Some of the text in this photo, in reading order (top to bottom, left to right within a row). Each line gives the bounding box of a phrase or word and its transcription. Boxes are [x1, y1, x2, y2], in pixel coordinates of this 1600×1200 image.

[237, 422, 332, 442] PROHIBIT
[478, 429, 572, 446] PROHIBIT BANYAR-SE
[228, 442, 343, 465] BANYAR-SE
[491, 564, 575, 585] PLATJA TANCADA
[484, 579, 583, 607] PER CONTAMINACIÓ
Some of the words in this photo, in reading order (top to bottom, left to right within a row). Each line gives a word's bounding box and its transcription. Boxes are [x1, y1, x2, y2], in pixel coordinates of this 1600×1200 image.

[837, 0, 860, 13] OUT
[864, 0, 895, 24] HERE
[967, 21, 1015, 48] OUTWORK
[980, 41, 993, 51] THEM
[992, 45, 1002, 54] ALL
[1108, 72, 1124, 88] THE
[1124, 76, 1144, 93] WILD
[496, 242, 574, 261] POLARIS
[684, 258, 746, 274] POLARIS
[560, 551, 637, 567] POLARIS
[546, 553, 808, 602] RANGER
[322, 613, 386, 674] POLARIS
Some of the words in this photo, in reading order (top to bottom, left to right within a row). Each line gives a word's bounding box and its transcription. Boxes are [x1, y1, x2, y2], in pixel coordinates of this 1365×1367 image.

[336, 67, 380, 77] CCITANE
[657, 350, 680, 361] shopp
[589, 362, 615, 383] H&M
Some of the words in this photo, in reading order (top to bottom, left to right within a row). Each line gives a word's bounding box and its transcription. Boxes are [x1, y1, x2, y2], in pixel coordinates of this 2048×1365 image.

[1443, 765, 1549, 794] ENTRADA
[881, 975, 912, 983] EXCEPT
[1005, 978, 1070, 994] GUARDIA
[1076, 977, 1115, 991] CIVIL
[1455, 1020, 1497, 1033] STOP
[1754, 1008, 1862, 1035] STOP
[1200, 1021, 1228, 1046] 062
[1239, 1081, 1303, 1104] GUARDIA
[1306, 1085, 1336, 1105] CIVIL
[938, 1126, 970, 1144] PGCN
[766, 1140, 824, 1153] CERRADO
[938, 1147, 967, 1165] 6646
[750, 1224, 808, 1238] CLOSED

========================

[WORK TASK]:
What you return must match the data above character for character.

[TASK RESPONSE]:
Some of the text in this photo, in reading order (top to bottom, left to right within a row). Each line gives the bounding box of a phrase or word and its transcription. Boxes are [x1, y1, x2, y2], in pixel coordinates of this 1600×1200 image.

[237, 422, 332, 442] PROHIBIT
[478, 429, 572, 446] PROHIBIT BANYAR-SE
[228, 442, 343, 465] BANYAR-SE
[491, 564, 575, 585] PLATJA TANCADA
[484, 579, 583, 607] PER CONTAMINACIÓ
Some of the words in this photo, in reading order (top to bottom, left to right within a row). Each line gives a word's bounding box and its transcription. Boxes are [x1, y1, x2, y2], in pixel coordinates of this 1600×1200 image.

[837, 0, 860, 13] OUT
[864, 0, 895, 24] HERE
[967, 21, 1015, 48] OUTWORK
[980, 41, 993, 51] THEM
[992, 45, 1002, 54] ALL
[1108, 72, 1124, 88] THE
[1124, 76, 1144, 93] WILD
[496, 242, 574, 261] POLARIS
[684, 258, 746, 274] POLARIS
[560, 551, 637, 567] POLARIS
[546, 553, 808, 602] RANGER
[322, 613, 386, 674] POLARIS
Some of the words in this photo, in reading order (top to bottom, left to right within a row). Each line gives a word's bounding box and its transcription. Boxes are [x1, y1, x2, y2], in pixel coordinates of this 1365×1367 image.

[336, 67, 380, 77] CCITANE
[657, 350, 680, 361] shopp
[589, 362, 615, 383] H&M
Some of the words in this photo, in reading order (top to bottom, left to right within a row). Each line gives a word's bounding box and its transcription. Boxes are [x1, y1, x2, y2], in pixel coordinates of this 2048×1365 image.

[1443, 765, 1549, 794] ENTRADA
[881, 975, 912, 983] EXCEPT
[1005, 978, 1070, 994] GUARDIA
[1076, 977, 1115, 991] CIVIL
[1455, 1020, 1497, 1033] STOP
[1754, 1008, 1862, 1035] STOP
[1200, 1021, 1228, 1046] 062
[1239, 1081, 1303, 1104] GUARDIA
[1306, 1085, 1336, 1105] CIVIL
[938, 1126, 970, 1144] PGCN
[766, 1140, 824, 1153] CERRADO
[938, 1147, 967, 1165] 6646
[750, 1224, 808, 1238] CLOSED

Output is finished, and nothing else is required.